Lauren woke up the next day next to Carlisle. Thankfully, there was plenty of space between them. Nonetheless Lauren could smell the alcohol on his breath was disgusted by it. She just couldn't understand why everyone, no matter the time period, had such a fascination with alcohol. It wrecked your liver and motor skills, not to mention potentially your social life. Perhaps she could teach Eponine that drinking was a bad idea, if she hadn't come to that conclusion herself, that is.

She rolled out of bed and hastily found something to wear that covered more than just a mere nightgown. White was a particularly see through color, and she didn't want Carlisle ogling at her lady bits, no matter that it wasn't her own body and that he'd already seen enough to get her pregnant twice. She went with a brown dress that came with a corset that covered everything, revealing nothing at all.
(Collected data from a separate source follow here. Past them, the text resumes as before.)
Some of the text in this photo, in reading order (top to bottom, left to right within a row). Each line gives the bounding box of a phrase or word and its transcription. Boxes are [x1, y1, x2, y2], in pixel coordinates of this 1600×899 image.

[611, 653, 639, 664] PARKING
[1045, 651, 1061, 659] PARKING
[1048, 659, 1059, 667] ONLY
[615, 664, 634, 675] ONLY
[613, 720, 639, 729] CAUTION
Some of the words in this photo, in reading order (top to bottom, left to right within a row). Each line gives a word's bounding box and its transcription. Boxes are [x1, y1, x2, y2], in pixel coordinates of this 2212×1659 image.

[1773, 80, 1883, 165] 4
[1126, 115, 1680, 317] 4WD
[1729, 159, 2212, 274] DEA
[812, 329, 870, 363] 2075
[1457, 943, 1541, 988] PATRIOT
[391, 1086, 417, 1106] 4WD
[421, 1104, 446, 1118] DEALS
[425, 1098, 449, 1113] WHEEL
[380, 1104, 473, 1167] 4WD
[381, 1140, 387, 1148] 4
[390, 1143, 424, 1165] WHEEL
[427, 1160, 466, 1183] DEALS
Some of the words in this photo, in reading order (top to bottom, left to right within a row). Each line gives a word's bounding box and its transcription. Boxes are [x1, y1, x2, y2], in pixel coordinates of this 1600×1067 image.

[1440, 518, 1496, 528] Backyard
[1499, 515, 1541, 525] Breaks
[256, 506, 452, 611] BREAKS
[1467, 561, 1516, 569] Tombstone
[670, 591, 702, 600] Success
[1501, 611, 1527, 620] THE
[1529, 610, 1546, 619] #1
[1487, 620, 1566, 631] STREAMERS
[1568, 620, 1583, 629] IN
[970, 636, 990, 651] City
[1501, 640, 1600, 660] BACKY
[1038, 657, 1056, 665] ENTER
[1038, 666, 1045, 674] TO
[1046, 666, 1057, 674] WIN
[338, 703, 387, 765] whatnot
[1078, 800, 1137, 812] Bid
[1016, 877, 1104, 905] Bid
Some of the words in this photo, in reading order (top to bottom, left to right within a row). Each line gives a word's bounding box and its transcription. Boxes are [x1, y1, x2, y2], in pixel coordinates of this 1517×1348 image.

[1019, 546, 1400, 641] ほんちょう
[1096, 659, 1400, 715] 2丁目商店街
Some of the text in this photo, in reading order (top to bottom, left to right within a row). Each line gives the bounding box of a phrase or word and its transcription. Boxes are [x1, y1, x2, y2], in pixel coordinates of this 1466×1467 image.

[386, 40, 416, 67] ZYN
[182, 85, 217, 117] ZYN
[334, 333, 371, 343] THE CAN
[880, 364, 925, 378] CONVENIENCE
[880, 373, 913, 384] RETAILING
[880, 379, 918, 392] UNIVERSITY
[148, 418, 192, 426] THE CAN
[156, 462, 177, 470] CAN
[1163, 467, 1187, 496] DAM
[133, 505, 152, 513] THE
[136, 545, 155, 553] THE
As she dressed, there was a knock at the door. She rushed to finish and made her way downstairs to the door. When she opened the door, she saw a man with Cosette at his side. Before she could say anything, he spoke, "I found her outside lugging a bucket that must've been half her weight." Again, before she could speak, he went on, "And I am here to help Cosette, I will settle any debt you may think proper. I will pay what I must pay to take Cosette away."

How Carlisle got there so quick, Lauren didn't know. She jumped as he spoke behind her, walking to join her at the door. "What to do? What to say? Shall you carry our treasure away? What a gem, what a pearl. Beyond rubies is our little girl. How can we talk of debt? Let us not haggle for darling Collette."

"Cosette!" Lauren corrected him, blown away by how he'd got her name wrong.

"Cosette," he corrected himself.

"There is a duty I must heed," the other man spoke. "There is a vow that I have made. For I was blind to one in need. And your mother is with God," he said to Cosette. "Her suffering is over. And I speak here with her voice, and I stand here in her place. Cosette shall have a father now."

"Dear Fantine, gone to rest, have we done for her child what is best? I think so. Shared our bread, shared each bone, treated her like she's one of our own, like our own monsieur."

"Let us not talk of bargains and bones and greed, now may I say we are agreed?" The man held up a handful of bills.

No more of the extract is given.